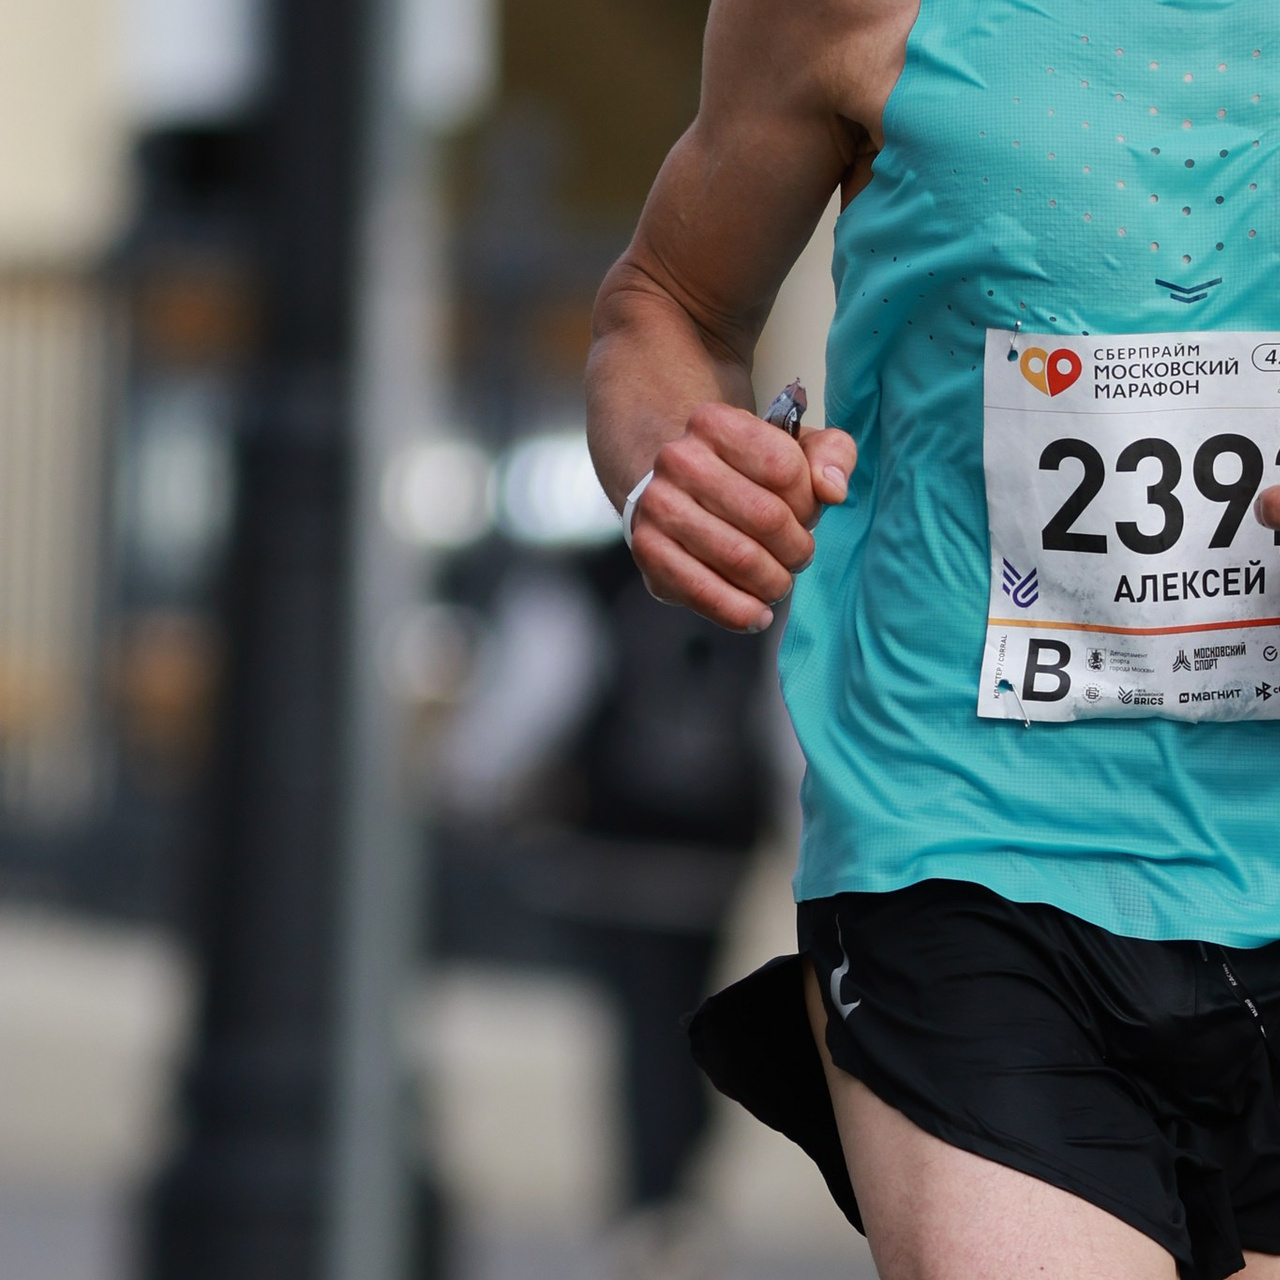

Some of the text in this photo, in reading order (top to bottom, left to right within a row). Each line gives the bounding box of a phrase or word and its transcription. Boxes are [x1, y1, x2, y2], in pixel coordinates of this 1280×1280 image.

[1094, 342, 1200, 361] СБЕРПРАЙМ
[1094, 357, 1239, 380] МОСКОВСКИЙ
[1094, 380, 1199, 399] МАРАФОН
[1114, 560, 1266, 603] АЛЕКСЕЙ
[1193, 642, 1246, 659] МОСКОВСКИЙ
[1194, 659, 1218, 671] СПОРТ
[1134, 697, 1164, 706] BRICS
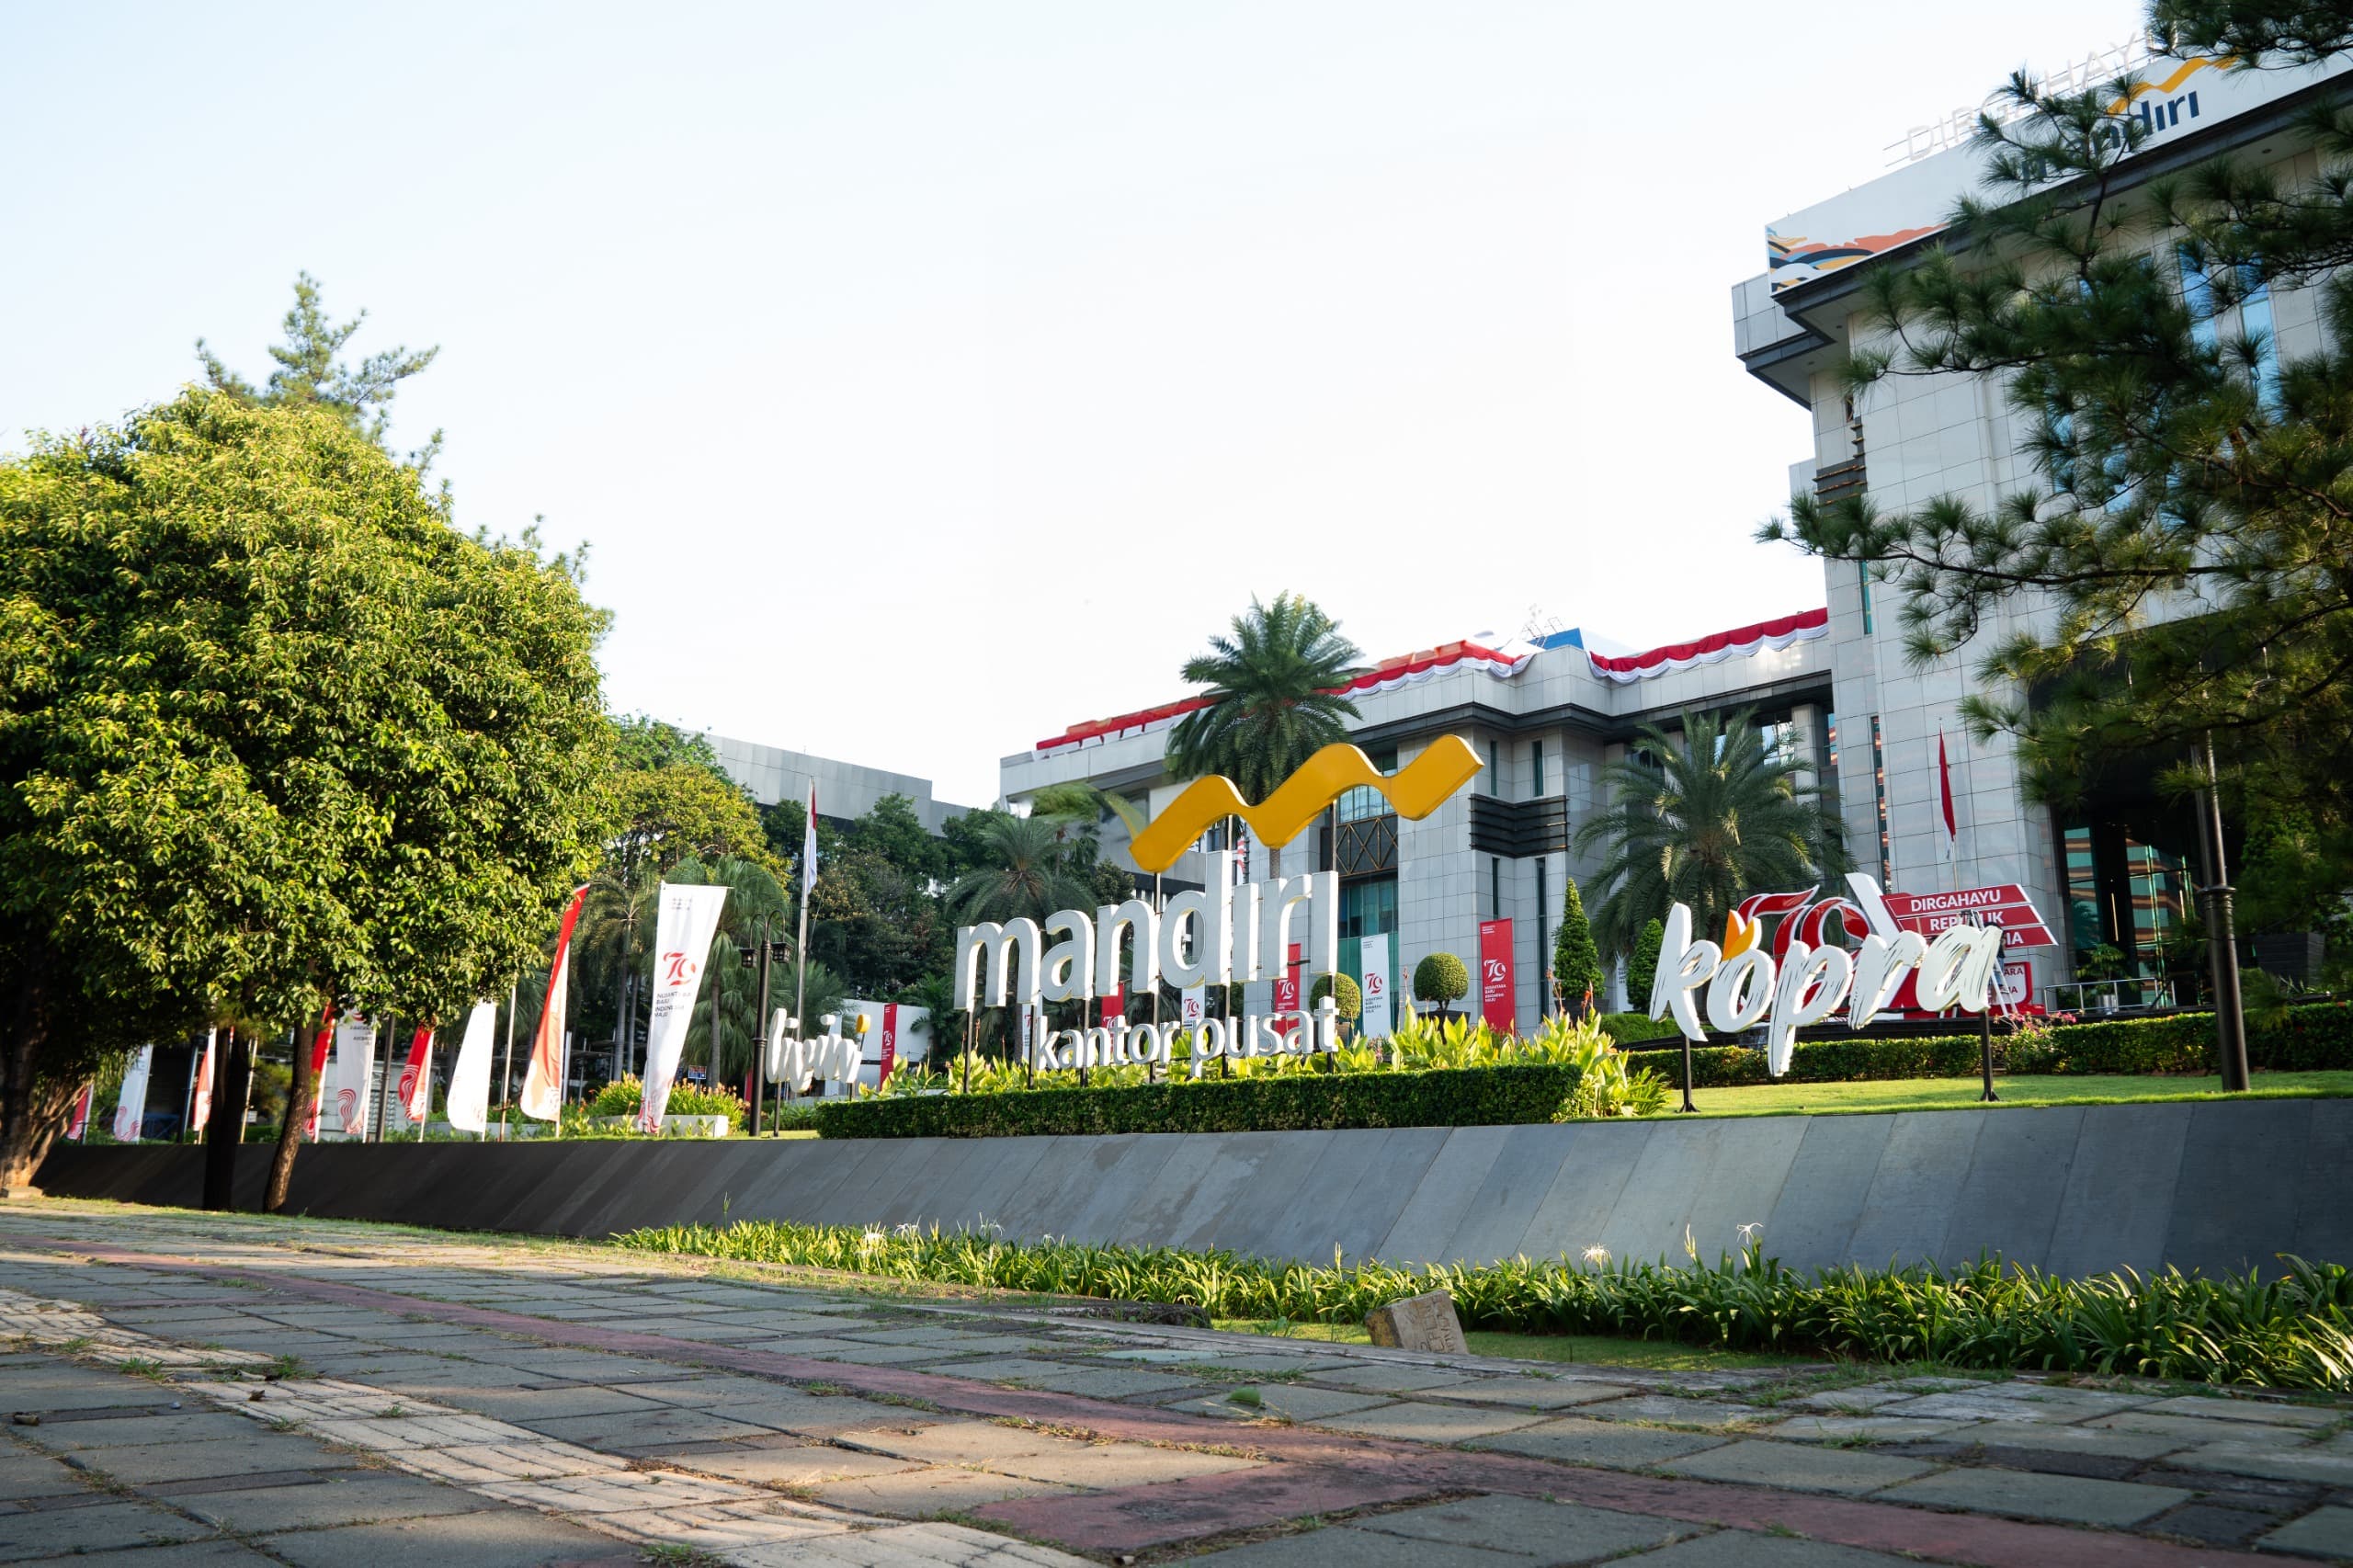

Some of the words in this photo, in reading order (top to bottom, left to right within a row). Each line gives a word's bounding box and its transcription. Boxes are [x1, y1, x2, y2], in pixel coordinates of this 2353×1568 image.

[1906, 17, 2178, 162] DIRGHAYU
[954, 850, 1339, 1011] mandiri
[1911, 889, 2001, 913] DIRGAHAYU
[1035, 1013, 1181, 1071] kantor
[1191, 995, 1339, 1078] pusat
[1649, 902, 2003, 1077] kopra
══════════
Task description:
Write out, word for word, every line from the one containing "Some of the words" through the last line of the records above.

Response to the task:
Some of the words in this photo, in reading order (top to bottom, left to right within a row). Each line gives a word's bounding box and its transcription. Boxes are [x1, y1, x2, y2], in pixel coordinates of this 2353×1568 image.

[1906, 17, 2178, 162] DIRGHAYU
[954, 850, 1339, 1011] mandiri
[1911, 889, 2001, 913] DIRGAHAYU
[1035, 1013, 1181, 1071] kantor
[1191, 995, 1339, 1078] pusat
[1649, 902, 2003, 1077] kopra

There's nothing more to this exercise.